Provision in RTI Act allowing transfer of application to ‘appropriate’ department gives authorities easy escape route | Firstpost

Op-Eds by Judicial Reforms · April 30, 2019
Author(s): Tarika Jain and Vaidehi Misra

One of the foundations of accountability for our democracy is the Right to Information Act (RTI) of 2005. It can be hailed as a revolutionary legislation that bridges the gap between the government and those being governed. Section 6 of the RTI Act provides every citizen the opportunity to obtain information from the otherwise-opaque public authorities by filing an application with the Public Information Officer (PIO) on payment of a minimal fee. The procedure prescribed by the legislation has been kept fairly simple, in order to encourage citizen participation and make it tougher for the bureaucracy to reject applications. However, the bureaucracy has found a disguised way to navigate themselves out of it.

The authors of this article filed an RTI application with the Law and Legislative Department of the Government of Haryana in November 2018, seeking information about their budgetary allocation for the state judiciary. While they were aware that any questions on the flow of money would face some pushback, they did not fathom that their RTI application would receive 60 unusable replies from different departments of the state bureaucracy. This was made possible by invoking the provisions under Section 6(3) of the RTI Act.

Workings of Section 6(3)

Sometimes, it may happen so that an application is addressed to a public authority which is not in possession of the requested information. In order to save the applicant’s effort of filing a fresh application to the relevant authority, the RTI Act has provided Section 6(3). The PIO, under this section, is required to transfer the application to the authority to which the application might be more ‘closely connected to’. However, as the authors learned from their experience, this provision is being blatantly abused by some sections of the Indian bureaucracy.

The Travel Tale

The authors request for information was on the budget allocation for state judiciary. They, therefore, filed the application with the law department, which prepares the budget. However, the PIO of the said department invoked Section 6(3) to transfer the application to the high court, the administration of justice department and finance department of the Haryana government. The authors were not provided any reasons as to why the law department was not the appropriate public authority. The high court, in response, went on to reject the authors’ application on account of failure to pay the application fee. This seems slightly absurd since we never applied to them in the first place. Ideally, the fee paid should also be transferred between the authorities.

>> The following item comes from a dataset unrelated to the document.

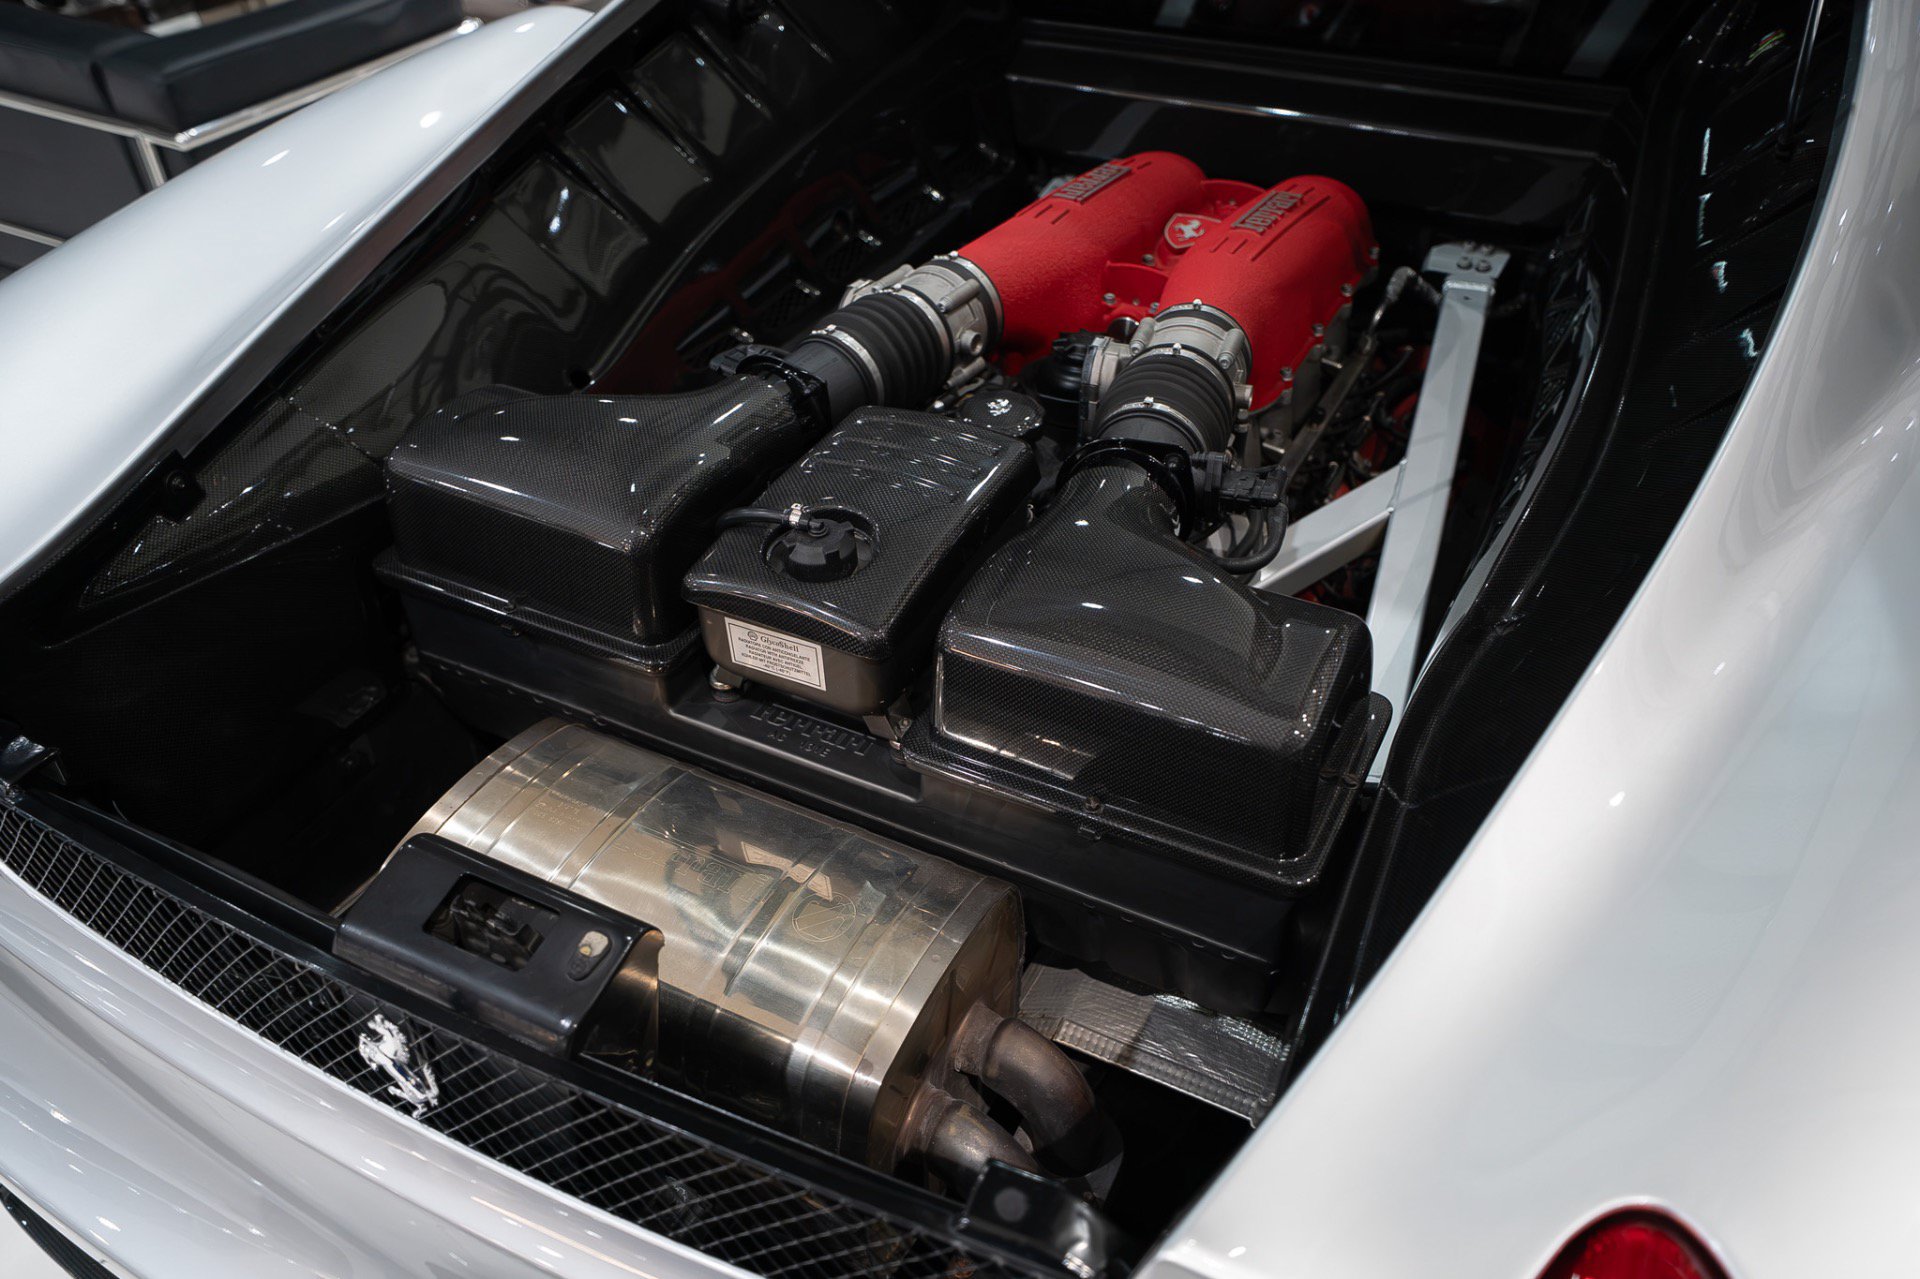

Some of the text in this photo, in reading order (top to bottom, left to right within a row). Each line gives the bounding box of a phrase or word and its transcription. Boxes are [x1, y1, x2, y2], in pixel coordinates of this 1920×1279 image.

Thereafter, a second round of transfers followed. The administration of justice department further transferred the application to the engineer and chief of the Public Works Department (PWD), Haryana. Perhaps, an attempt can be made to justify this transfer as the PWD, in most states, is the executing authority for construction of new courts. However, over the course of the next three months, with additional rounds of transfer, the authors’ application made over 50 trips within multiple departments of the PWD, all across Haryana. It went to district headquarters and sub district offices from Dadri to Yamuna Nagar, from Hisar to Chandigarh, from engineer-in-chief to executive engineer to superintending engineer. It even reached the PIOs of the Buildings and Roads Department, electrical department and even the national highway department of sub-districts of the state.

The Final Result

Each time the application moved, a copy of the transfer letter was enclosed to the authors, in conformance to the RTI Act. Most of the responses, however, only said that “the information does not pertain to our department” or “the information you sought is as follows: NIL.” One line remained more or less common to all these letters. “Your application thus stands disposed of.”

After more than three months since the first application, the authors still receive ‘NIL’ replies and do not have usable information on budgetary allocation for the judiciary in Haryana. One probable lead that was received during this time was from PIO of the state government’s finance department, who suggested that further correspondence should be made in respect of information required with the concerned PIO of the Law and Legislative Department!

Is this a Dead End?

It is evident that Section 6(3) is a notoriously easy escape route when authorities are in a fix — either because they do not wish to disclose the information or when they ought to be in possession of the information but are not.

By transferring the application, the authorities deem it as disposed without passing a reasoned rejection order. If they were to reject the application instead, or give incomplete information, they would have to provide reasons to explain the same. This could be used as a ground by the applicant to challenge the decision of the PIO by filing an appeal before the Appellate Authority. The authorities are able to bypass this whole procedure because they can transfer the application.

Citizens who have filed a few RTI applications in the past would have, at some point, encountered this unassuming beast of a provision. The problem, however, is not on how this provision is written. The lawmakers could not have written the provision any differently, except by adding that the fees ought to also be transferred along with the application.

Like many other laws, the success of this provision lies not in its intent but in its execution. Till the time the authorities do not want to provide information, a provision such as Section 6(3) will continue to be abused.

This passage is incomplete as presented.